It Happened To Me: I'm Also Bipolar, And Choose Not To Take My Medication

I was fidgety, inattentive, and had a hard time putting together sentences that were longer than one or two words. According to my doctors, this was "good," because it was a sign that my medication was working.
Publish date:
April 10, 2013
healthy, bipolar disorder, mental health, medication

The summer before I was supposed to start my first semester of grad school, I moved cross country to attend a program that I had been admitted to on a full merit-based scholarship.

I don't know how it started, but one thing led to another, and all of the sudden I went from being "myself" to having the most terrifying experience of my life: I thought that I was being stalked by an ex from college. I even attempted to apply for a restraining order, and called my friends from college to try to ask for help.

I don't remember much of what happened, but after a week of experiencing intense psychotic delusions, I wound up in the ER, and then in the psych ward of the state hospital for a month.
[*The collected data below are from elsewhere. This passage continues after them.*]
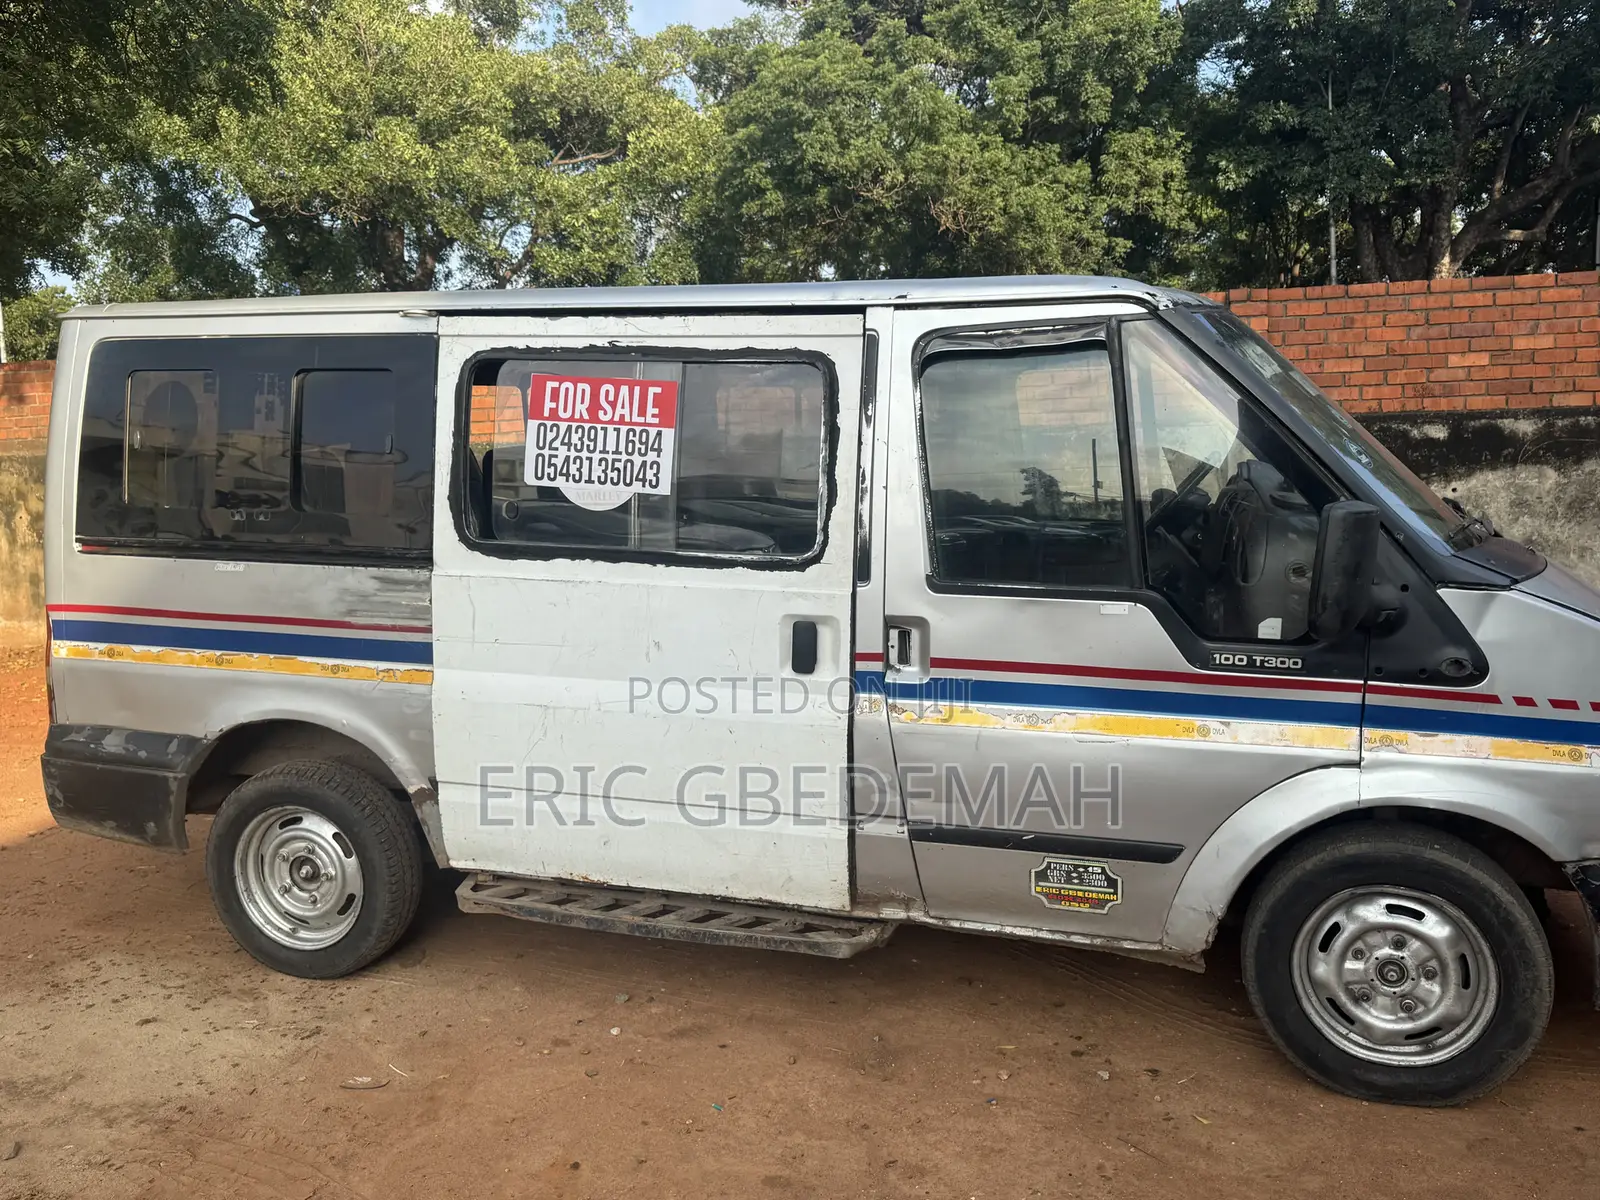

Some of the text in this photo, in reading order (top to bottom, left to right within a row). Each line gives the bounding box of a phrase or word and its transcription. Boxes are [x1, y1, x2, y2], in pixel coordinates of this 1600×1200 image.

[543, 381, 662, 424] FOR SALE
[535, 422, 663, 458] 0243911694
[534, 452, 661, 489] 0543135043
[1213, 653, 1302, 669] 100 T300
[1364, 736, 1409, 746] DVLA DVLA
[1552, 749, 1567, 757] DVLA
[1051, 862, 1074, 871] PERS
[1035, 886, 1117, 900] ERIC GBEDEMAH
Upon discharge, I started my first week of classes as a graduate student. I was assigned a medical student who I would check in with once a week. She would prescribe my medication to me, and help me to evaluate my symptoms.

The medication made it difficult for me to focus on school. I was fidgety, inattentive, and had a hard time putting together sentences that were longer than one or two words. According to my doctors, this was "good," because it was a sign that my medication was working. I wasn't able to meet my academic requirements, and by the end of the semester, I had done so poorly that my scholarship was revoked.

I decided to leave school rather than take out loans to continue in my graduate program.

After three years on mood stabilizers, I stopped taking them.

I had been seeing a resident psychiatrist through a sliding scale clinic at a hospital in my city, the hospital went out of business and my file was referred to a city health clinic. City Health clinics are not nice places to be, and I was unhappy that I couldn't continue to see the psychiatrist that I had been comfortable with, so I stopped going to appointments to get refills for my medication.

I don't remember if I stopped cold turkey or not, and I don't remember if I had any withdrawal symptoms, but I did lose the 40 pounds that I had gained while on mood stabilizers. I have had three hospitalizations since my diagnosis, which all occurred while I was on medication that was intended to keep me even-keeled.

There is a very big difference for me between "stable" and "on mood stabilizers." It seems like the author of the other IHTM titled "I Have Bipolar Disorder and Choose Not to Take My Medication" has a very different relationship with their symptoms than I do and I wanted to present a different picture of what unmedicated Bipolar Disorder can be like.

It's not a strictly black and white situation: medication doesn't always equal stability, and vice versa.

I am very lucky that I have a supportive family. My mom would also be the first to tell me if she felt that I was truly going to harm myself. I also trust my friends and family to let me know when they think I need to take better care of myself so that I don't go from having a bad week to being manic.

Some warning signs for me are if I am having a very hard time staying asleep at night, if I'm overly anxious, or short tempered, or have racing thoughts. Usually then I try to focus on self-care, and do things to help me calm down like exercise and get enough sleep.

Sometimes I'll take Valerian root before bed to make sure I stay well-rested. I also avoid things that would add to my stress level like extra projects at work or social obligations that aren't 100% necessary.

I also make sure to exercise and eat healthfully. In general, I am very mindful of my stress levels, and take extra care when I am traveling, moving or switching jobs so that I don't get out of sync with myself.

I have a full time job that I like a lot, with excellent health insurance and medical leave should I need it. I do see a psychologist once a month to check in and talk about how I am doing, she works with me to help manage some of my other issues such as anxiety and ADD but she doesn't prescribe me medication for Bipolar Disorder. There's no ostensible need to right now.

My boss doesn't know I am Bipolar. I hope she never has to find out. I don't want to be judged based on what might be a misconception of what my disorder is, especially when it comes to my workplace. I am careful when I am dating about whether or not I choose to tell that person.

I don't need to be babysat, but I do expect whoever I am with to recognize that a lot of what I do to take care of myself helps me to be the me they like to be around.

A lot of the steps that I take to make sure that I stay stable are all things that everyone should be doing to stay healthy, regardless of if they are also on medication to treat their mental health or not. If someone close to your is having problems managing their mental health, please do your best to be supportive.

I should also point out that Bipolar patients are sensitive to stress and change, so stopping medication suddenly without a doctor, social worker, or qualified therapist to help make sure that the transition is a smooth one is not a good idea ever. I have friends who are Bipolar as well, and when we compare experiences they are so varied. Having access to healthcare and a supportive friend or family member makes a gigantic difference.

I take my Bipolar Disorder very seriously because being manic is so disruptive to what is important to me. Luckily I don't need medication right now, but I know I'm not invincible either.